Here’s How Virginia Tech Upset Virginia Last Season. Can the Hokies Do It Again?

    Virginia is 46-3 since the start of the 2017-18 season and 23-1 against ACC opponents during that span. In-state rival Virginia Tech is responsible for

    January 14, 2019

    Virginia is 46-3 since the start of the 2017-18 season and 23-1 against ACC opponents during that span. In-state rival Virginia Tech is responsible for the Cavaliers’ only loss to a conference foe since the start of last season as the Hokies went to Charlottesville and won 61-60 in overtime last February.

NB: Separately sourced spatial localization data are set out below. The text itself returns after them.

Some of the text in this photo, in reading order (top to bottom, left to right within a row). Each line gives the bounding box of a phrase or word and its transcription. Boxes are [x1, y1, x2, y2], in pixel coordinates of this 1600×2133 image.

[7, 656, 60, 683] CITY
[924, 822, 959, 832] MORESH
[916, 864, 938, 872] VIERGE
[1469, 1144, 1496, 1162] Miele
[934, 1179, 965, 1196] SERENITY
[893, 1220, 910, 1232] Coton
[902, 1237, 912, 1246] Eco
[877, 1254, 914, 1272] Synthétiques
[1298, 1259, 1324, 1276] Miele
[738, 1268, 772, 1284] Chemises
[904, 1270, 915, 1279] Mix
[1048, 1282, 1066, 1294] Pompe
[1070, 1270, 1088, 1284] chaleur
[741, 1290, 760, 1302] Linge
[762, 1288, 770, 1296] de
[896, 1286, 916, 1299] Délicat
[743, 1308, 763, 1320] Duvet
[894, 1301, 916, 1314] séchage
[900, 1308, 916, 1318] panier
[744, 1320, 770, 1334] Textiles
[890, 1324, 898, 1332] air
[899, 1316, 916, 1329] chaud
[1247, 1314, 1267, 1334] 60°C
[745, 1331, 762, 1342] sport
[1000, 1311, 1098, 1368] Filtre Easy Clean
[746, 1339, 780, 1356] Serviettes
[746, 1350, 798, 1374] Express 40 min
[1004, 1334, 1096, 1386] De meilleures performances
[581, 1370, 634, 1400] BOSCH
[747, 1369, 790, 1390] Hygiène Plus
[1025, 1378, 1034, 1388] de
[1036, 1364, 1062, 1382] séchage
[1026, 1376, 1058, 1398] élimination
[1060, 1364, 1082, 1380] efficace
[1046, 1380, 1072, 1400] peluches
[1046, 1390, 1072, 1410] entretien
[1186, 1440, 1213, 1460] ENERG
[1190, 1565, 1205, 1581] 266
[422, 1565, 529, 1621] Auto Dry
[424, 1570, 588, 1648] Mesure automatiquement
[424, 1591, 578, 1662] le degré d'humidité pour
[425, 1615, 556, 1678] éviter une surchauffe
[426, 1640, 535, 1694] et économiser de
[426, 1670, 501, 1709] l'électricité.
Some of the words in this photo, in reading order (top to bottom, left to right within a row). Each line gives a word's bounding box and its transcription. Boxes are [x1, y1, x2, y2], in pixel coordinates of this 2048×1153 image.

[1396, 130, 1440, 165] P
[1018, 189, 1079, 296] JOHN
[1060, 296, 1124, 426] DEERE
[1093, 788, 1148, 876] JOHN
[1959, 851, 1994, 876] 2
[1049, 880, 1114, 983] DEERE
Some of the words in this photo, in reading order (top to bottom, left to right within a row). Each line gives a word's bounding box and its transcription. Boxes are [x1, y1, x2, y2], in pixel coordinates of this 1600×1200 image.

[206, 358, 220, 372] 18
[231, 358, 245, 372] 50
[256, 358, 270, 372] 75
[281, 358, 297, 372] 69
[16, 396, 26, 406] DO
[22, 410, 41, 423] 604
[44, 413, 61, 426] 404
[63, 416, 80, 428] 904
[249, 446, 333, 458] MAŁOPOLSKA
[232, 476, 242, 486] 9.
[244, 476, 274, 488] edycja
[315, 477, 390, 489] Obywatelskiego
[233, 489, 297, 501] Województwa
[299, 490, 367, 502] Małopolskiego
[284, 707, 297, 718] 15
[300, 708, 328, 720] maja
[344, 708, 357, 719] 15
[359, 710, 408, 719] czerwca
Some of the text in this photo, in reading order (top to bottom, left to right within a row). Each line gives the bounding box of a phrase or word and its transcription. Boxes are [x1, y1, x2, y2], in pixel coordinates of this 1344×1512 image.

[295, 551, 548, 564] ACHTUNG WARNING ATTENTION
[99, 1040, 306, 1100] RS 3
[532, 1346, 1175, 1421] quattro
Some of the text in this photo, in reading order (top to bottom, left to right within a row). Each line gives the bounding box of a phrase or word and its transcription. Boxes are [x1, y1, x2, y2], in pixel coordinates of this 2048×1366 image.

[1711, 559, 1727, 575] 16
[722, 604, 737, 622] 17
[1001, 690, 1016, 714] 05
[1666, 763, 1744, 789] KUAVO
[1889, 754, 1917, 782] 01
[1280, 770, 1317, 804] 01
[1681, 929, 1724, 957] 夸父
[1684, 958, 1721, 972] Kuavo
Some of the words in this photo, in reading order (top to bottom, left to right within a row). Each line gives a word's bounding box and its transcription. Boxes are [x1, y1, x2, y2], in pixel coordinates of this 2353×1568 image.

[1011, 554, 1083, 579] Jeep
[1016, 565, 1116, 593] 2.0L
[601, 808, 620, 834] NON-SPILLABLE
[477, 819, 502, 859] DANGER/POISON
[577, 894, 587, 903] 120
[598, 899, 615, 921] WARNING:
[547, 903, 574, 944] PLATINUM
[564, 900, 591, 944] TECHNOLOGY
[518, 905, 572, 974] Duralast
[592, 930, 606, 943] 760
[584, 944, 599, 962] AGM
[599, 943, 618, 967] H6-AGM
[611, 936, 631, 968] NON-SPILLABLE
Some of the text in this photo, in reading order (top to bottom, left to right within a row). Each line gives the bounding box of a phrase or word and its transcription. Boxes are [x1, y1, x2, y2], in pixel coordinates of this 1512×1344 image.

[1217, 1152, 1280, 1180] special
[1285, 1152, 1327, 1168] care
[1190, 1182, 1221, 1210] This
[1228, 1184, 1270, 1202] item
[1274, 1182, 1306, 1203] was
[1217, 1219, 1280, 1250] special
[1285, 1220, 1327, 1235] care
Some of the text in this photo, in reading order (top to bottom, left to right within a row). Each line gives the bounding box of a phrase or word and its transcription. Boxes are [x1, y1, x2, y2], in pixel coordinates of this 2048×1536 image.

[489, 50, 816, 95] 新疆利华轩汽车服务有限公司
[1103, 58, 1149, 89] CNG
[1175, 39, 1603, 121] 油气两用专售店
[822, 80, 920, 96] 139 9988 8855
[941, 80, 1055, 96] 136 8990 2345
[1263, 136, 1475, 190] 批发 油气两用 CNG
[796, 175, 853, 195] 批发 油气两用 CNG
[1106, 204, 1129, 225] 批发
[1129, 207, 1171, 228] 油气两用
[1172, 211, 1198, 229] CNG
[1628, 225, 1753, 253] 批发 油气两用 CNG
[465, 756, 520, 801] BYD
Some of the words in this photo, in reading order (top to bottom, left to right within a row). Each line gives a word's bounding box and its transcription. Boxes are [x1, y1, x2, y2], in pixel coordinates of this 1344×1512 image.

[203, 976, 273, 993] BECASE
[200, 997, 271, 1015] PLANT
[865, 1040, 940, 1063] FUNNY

    We rewatched that game to find out how Virginia Tech pulled off the upset and what aspects of the Hokies’ game plan from last February they can try to repeat on Tuesday night when No. 9 Virginia Tech returns to Charlottesville to play No. 4 Virginia.

    Here’s what we learned from last year’s upset.

    Virginia Tech was able to spread out Virginia’s pack line defense, which ranked first nationally last season with an adjusted efficiency margin of 85.6 points allowed per 100 possessions, and the Hokies used that space to outpace the reach of the Cavaliers’ defense thanks to great ball movement and off-the-ball player movement through relocation and back cuts.

    On the following offensive possession in the first half, Virginia Tech started with a four-around-one look with forward Kerry Blackshear on the right block while Virginia’s frontcourt starters, Isaiah Wilkins and Jack Salt, were on the bench.

    The Hokies had players curl through the lane until they had five players outside of the three-point line, which forced Virginia to abandon the principles of its pack-line defense. Virginia Tech’s Justin Bibbs snuck behind Virginia’s Ty Jerome to take advantage of the open lane created by the Hokies’ spacing.

    Virginia’s defense collapsed on Bibbs under the rim and he swung the ball to teammate Chris Clarke in the left corner. Consistent with one of the big themes of the game, Virginia Tech was able to move the ball to open players faster than Virginia was able to deny an entry pass or an open three-point shot.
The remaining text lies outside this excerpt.